Editor’s note: With the retirement of Mitch Mac Donald, “Outbound” will now be written by a rotating lineup of DCV editors. First up: Senior News Editor Ben Ames.
One of the many ways the pandemic has changed our lives is in the relationship between retail brands and loyal shoppers.
Before waves of infection forced most states to slap occupancy limits on shops and restaurants or even shutter them entirely, consumers thought nothing of rubbing elbows with fellow shoppers. We would cram into electronics stores to buy the latest smartphone model or cluster outside malls for Black Friday “doorbuster” sales.
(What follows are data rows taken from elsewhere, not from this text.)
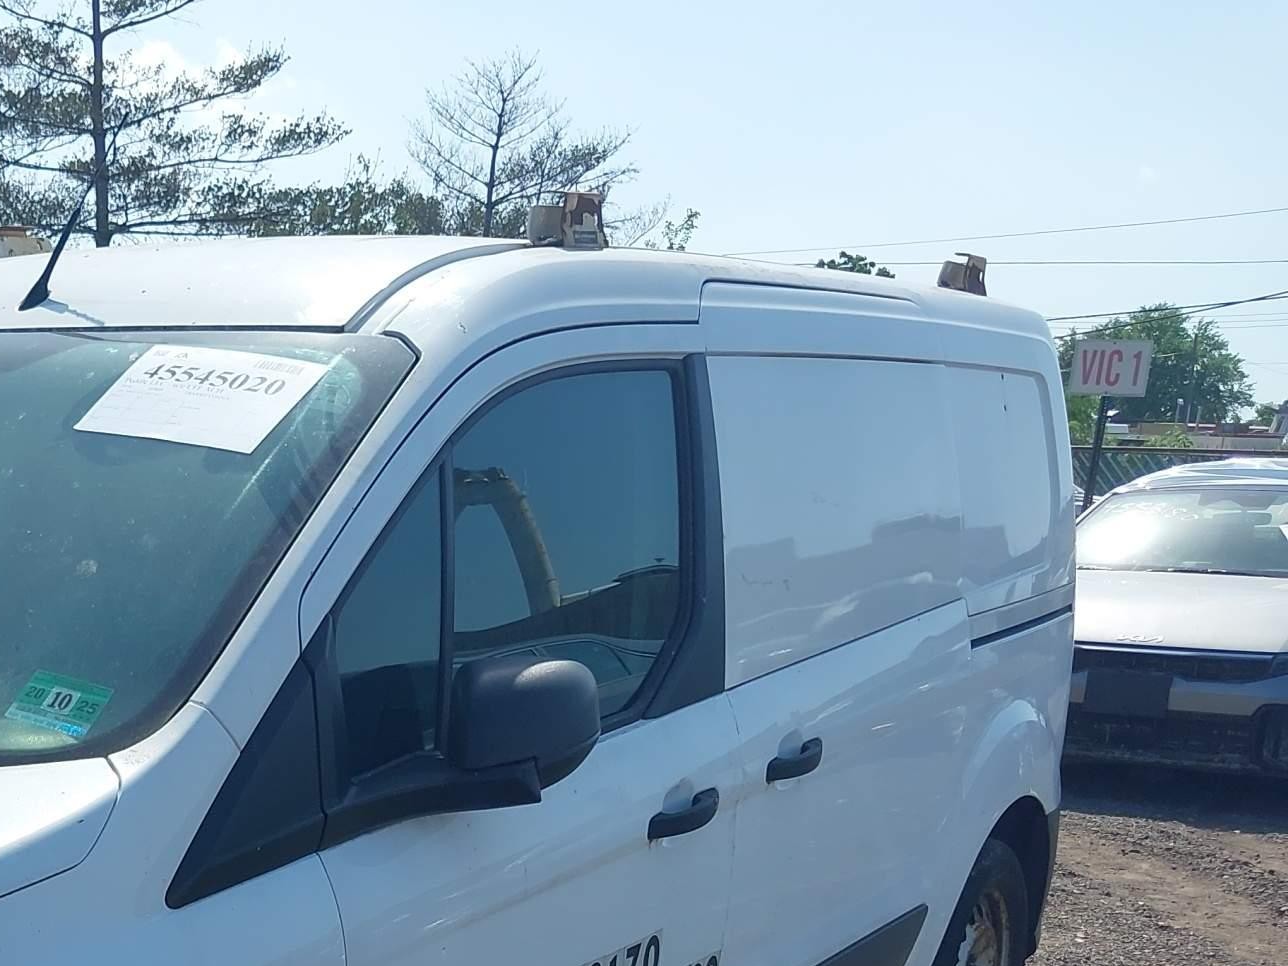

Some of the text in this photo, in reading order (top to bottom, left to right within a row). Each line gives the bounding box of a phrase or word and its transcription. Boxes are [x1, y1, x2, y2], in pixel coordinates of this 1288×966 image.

[143, 363, 287, 397] 45545020
[1080, 348, 1143, 387] VIC 1
[24, 686, 100, 714] 20 10 25
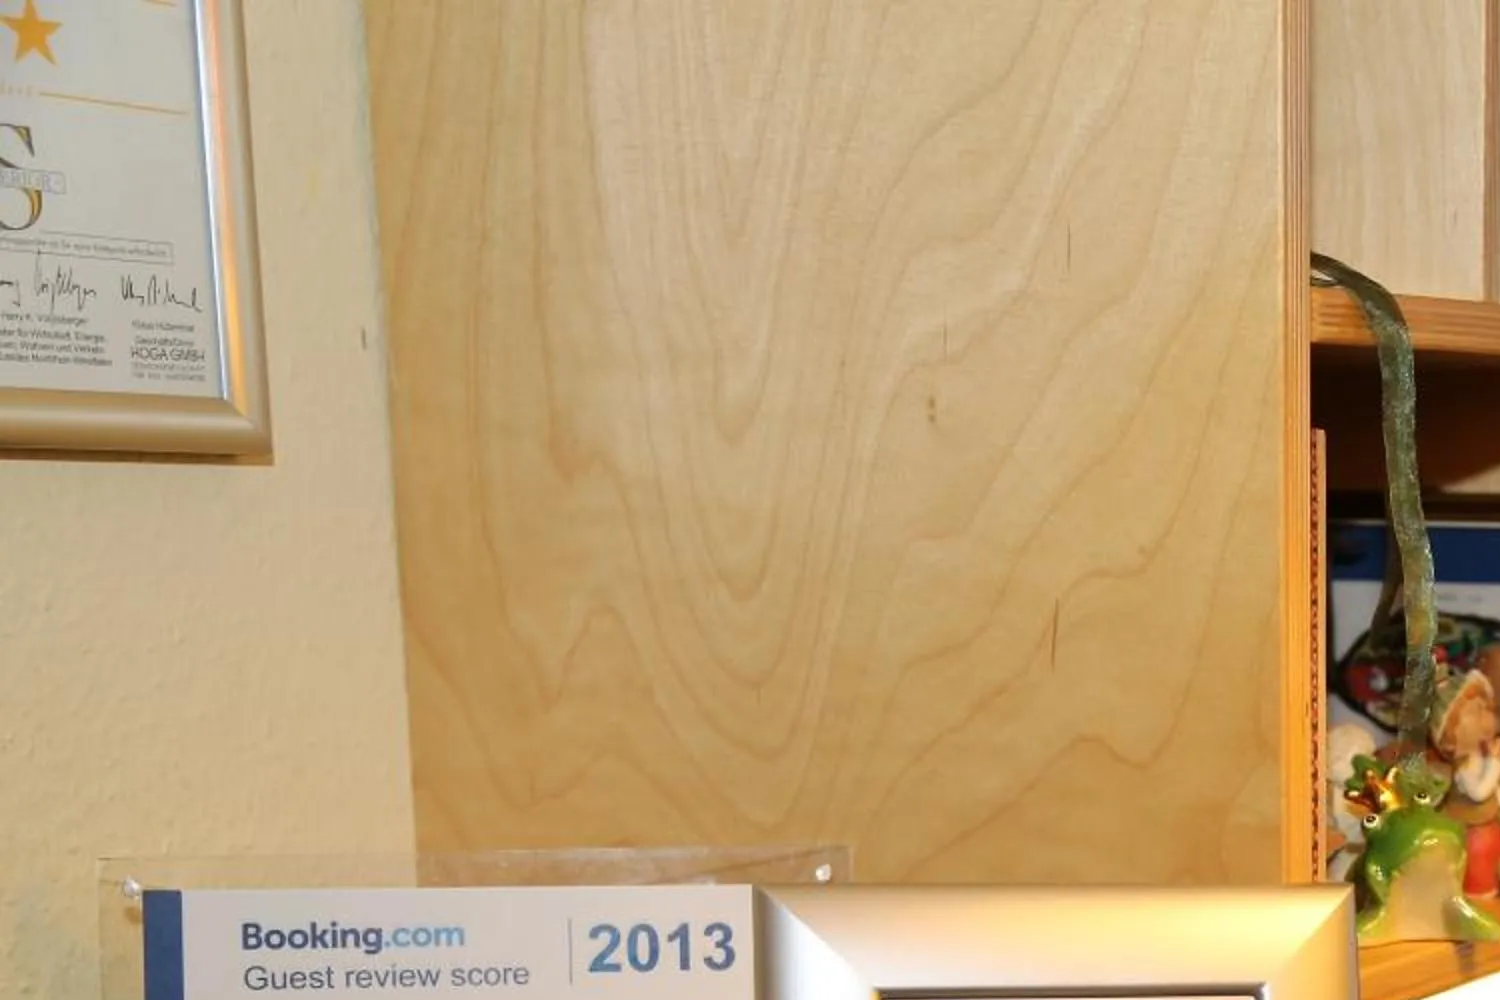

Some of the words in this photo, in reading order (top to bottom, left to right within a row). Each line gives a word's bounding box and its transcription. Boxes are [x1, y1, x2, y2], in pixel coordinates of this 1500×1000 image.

[240, 922, 466, 955] Booking.com
[587, 922, 737, 973] 2013
[243, 965, 335, 991] Guest
[344, 963, 441, 989] review
[450, 963, 530, 987] score
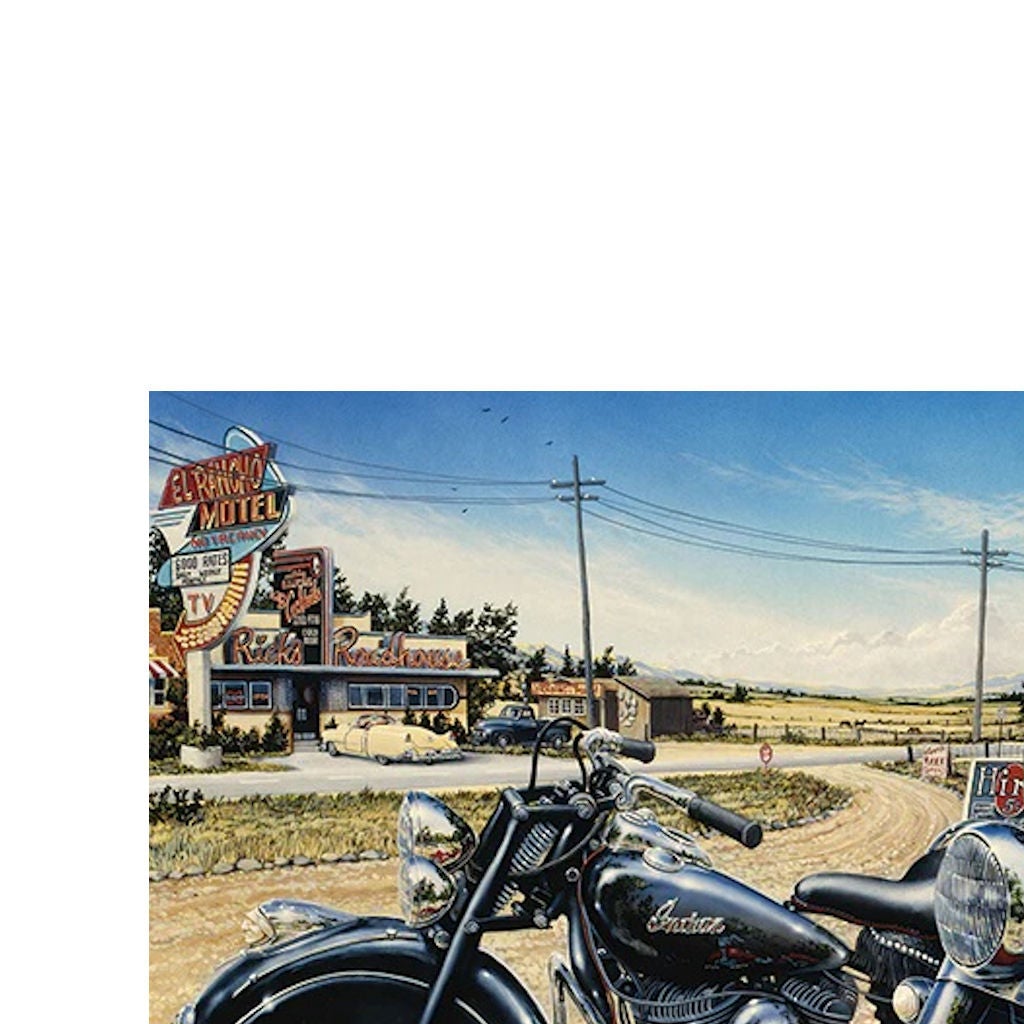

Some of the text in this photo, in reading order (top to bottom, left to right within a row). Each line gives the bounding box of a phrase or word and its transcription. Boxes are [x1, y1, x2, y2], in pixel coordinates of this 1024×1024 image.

We now know those events were the perfect petri dishes for any viruses or bacteria that happened to be hitching a ride on our bodies that day. And most of the time, that was a price we were glad to pay: suffering the occasional head cold or mild case of influenza in exchange for the chance to score a good deal or maybe even run into a friend.
Covid changed all that, of course; this disease is far more infectious and deadly than its pathogenic cousins. So even if one brave shopper is willing to mask up and run the personal risk of catching the bug, they face the larger moral conundrum of possibly passing it on to countless others, harming innocent bystanders.
But the common sight of empty stores has changed another dynamic as well—shops have lost a prime chance to connect with those hordes of eager consumers. In normal times, stores would employ “retail associates” to mingle with shoppers, reward them with discounts, steer them to additional purchases, or offer to ship merchandise to their home address if an item was out of stock.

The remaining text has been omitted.